Das Feierabendbier, das Glas Wein (oder zwei) zum Essen, ein kleiner Grappa zum Kaffee ist doch ein Genuss. Oder ist es schon mehr?

Süchtige sind diese Fixer und Alkis, die nur rumhängen. Ein vernünftiger, charakterfester Mensch kann nicht einfach so süchtig werden! Oder?

Was ist Sucht?

Der Begriff «Sucht» geht auf das Wort «siechen» zurück, was «an einer Krankheit leiden» bedeutet. Anfangs verstand man darunter verschiedenste Erscheinungen wie Schwindsucht oder auch Eifersucht. Die Weltgesundheitsorganisation (WHO) hat den Begriff neu mit «Abhängigkeitssyndrom » definiert, um die Betroffenen nicht zu stigmatisieren. Sucht bzw. Abhängigkeit ist definiert als Zwang, mithilfe eines bestimmten Verhaltens oder einer bestimmten Substanz belastende Gefühle zu vermeiden. Diesem Verlangen wird alles andere untergeordnet. Das Suchtverhalten wird mit vier Kriterien definiert und umschrieben:

  • Unbezwingbares Verlangen zur Einnahme und Beschaffung des Mittels,
  • Tendenz zur Dosis-Steigerung,
  • psychische und physische Abhängigkeit von der Wirkung,
  • Schädigung der/des Betroffenen und/oder der Gesellschaft.

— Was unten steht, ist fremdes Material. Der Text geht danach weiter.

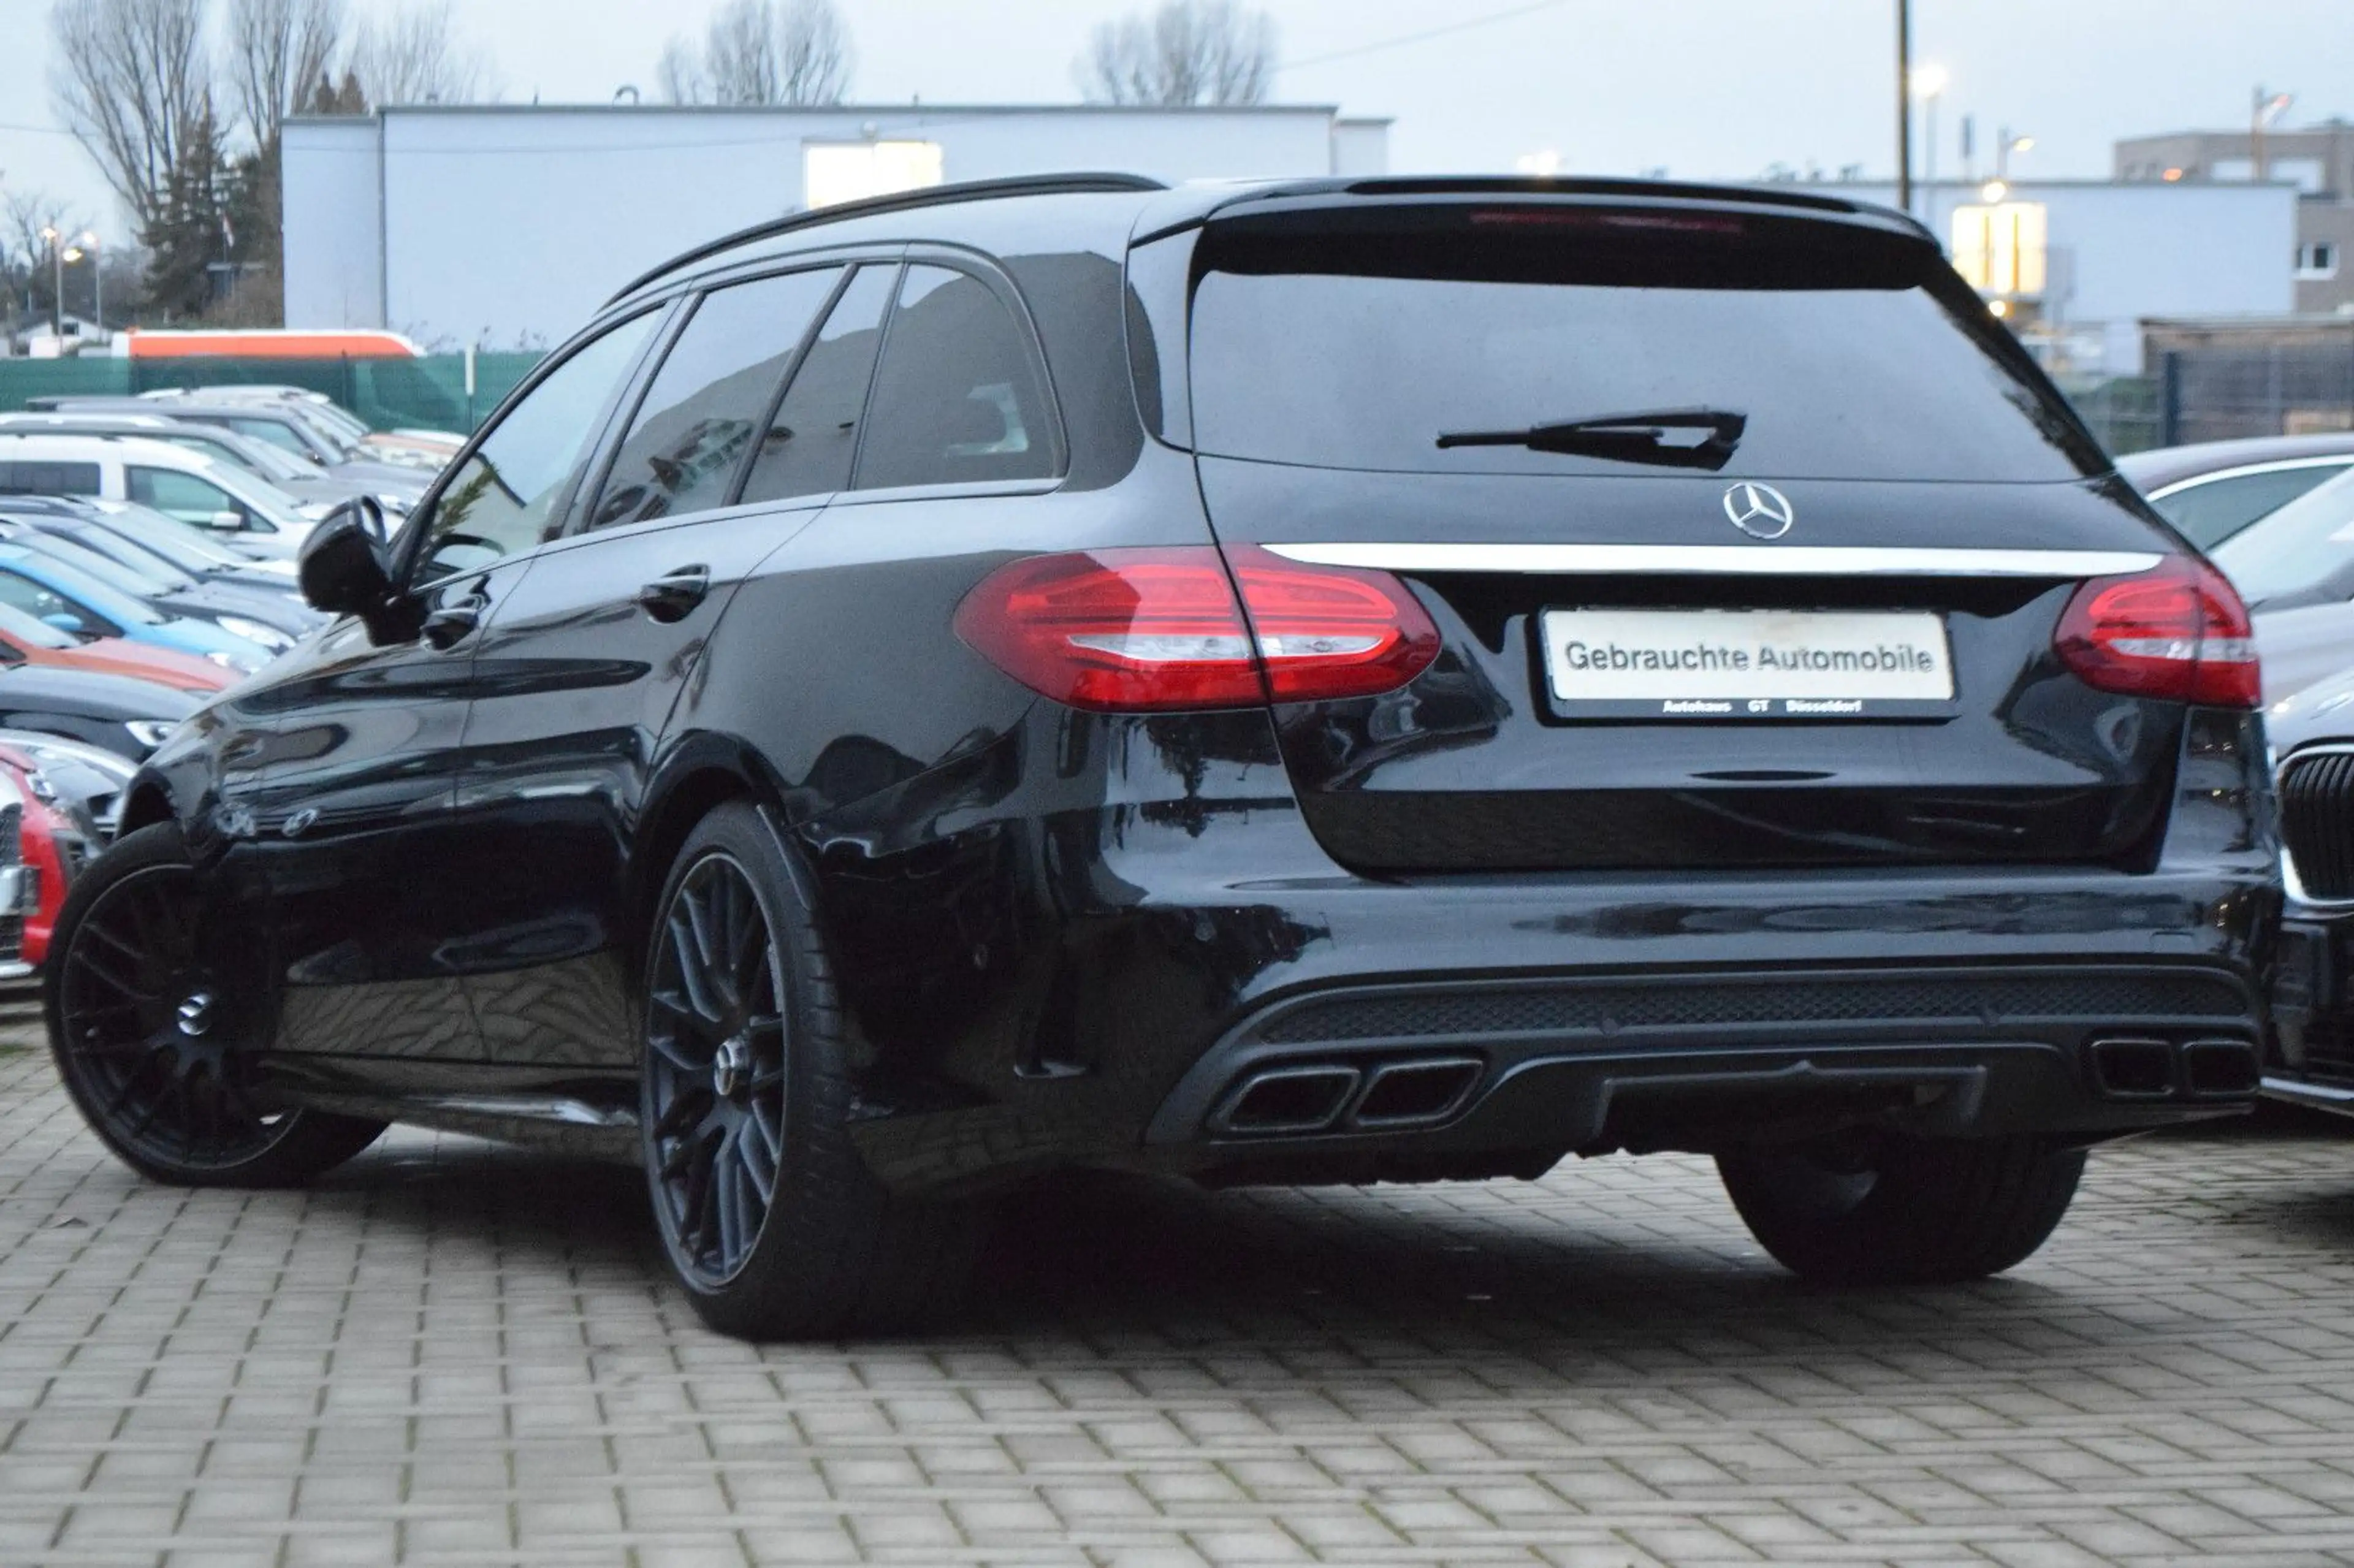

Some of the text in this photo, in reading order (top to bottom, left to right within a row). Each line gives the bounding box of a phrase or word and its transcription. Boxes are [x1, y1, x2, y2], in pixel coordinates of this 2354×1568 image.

Die Sucht bzw. das Abhängigkeitssyndrom wird allgemein als Krankheit anerkannt und auch von den Sozialversicherungen unter den gesetzlichen Voraussetzungen als Rentenbegründung akzeptiert.

Wie entsteht Sucht?

Die Entstehung eines Suchtverhaltens ist vielfältig. Gründe gibt es so viele wie Betroffene. Der komplexe Mechanismus der Suchtentwicklung lässt sich allgemein in folgende Phasen unterteilen:

  • Genuss,
  • Konsum,
  • Missbrauch,
  • Gewöhnung,
  • Abhängigkeit.

Die Übergänge sind fliessend und nicht zwingend aufeinander aufbauend.

Was macht süchtig?

Alles kann süchtig machen. Am bekanntesten sind die illegalen Drogen wie Heroin, Cannabis usw. Aber auch alles andere Verhalten (selbst die Liebe) und viele Substanzen sind dazu geeignet.

Bekannt sind auch Abhängigkeiten von legalen Mitteln wie Medikamenten, Alkohol und Zigaretten. Es kann aber auch das Essen – nicht nur Süssigkeiten – oder das Nichtessen sein. Verhalten wie Spielsucht, Arbeitssucht, Sportsucht usw. dringen auch immer mehr ins Bewusstsein.

Sucht in der Arbeitswelt

Es ist bekannt, dass Suchtverhalten in der Gesellschaft grosses Leid und hohe Kosten verursacht. Dass auch die Fahrtauglichkeit infrage gestellt wird und der «Scheck» auf dem Spiel steht, wissen wir. Viele am Abhängigkeitssyndrom Leidende stehen aber mehr oder weniger unerkannt im Erwerbsleben. Da stellen sich einige Probleme: Grundsätzlich sind Arbeitnehmende verpflichtet, ihre Arbeit in einem arbeitsfähigen Zustand anzutreten und auszuführen. Dabei ist nicht die subjektive Wahrnehmung des Betroffenen massgebend. Denn gerade bei Arbeiten mit gefährlichen Maschinen und Geräten, beim professionellen Führen von Fahrzeugen oder beim Hantieren mit gefährlichen Substanzen braucht es klar eine objektive Arbeitstauglichkeit, sprich einen Substanzwert in der Toleranz bzw. Substanzfreiheit.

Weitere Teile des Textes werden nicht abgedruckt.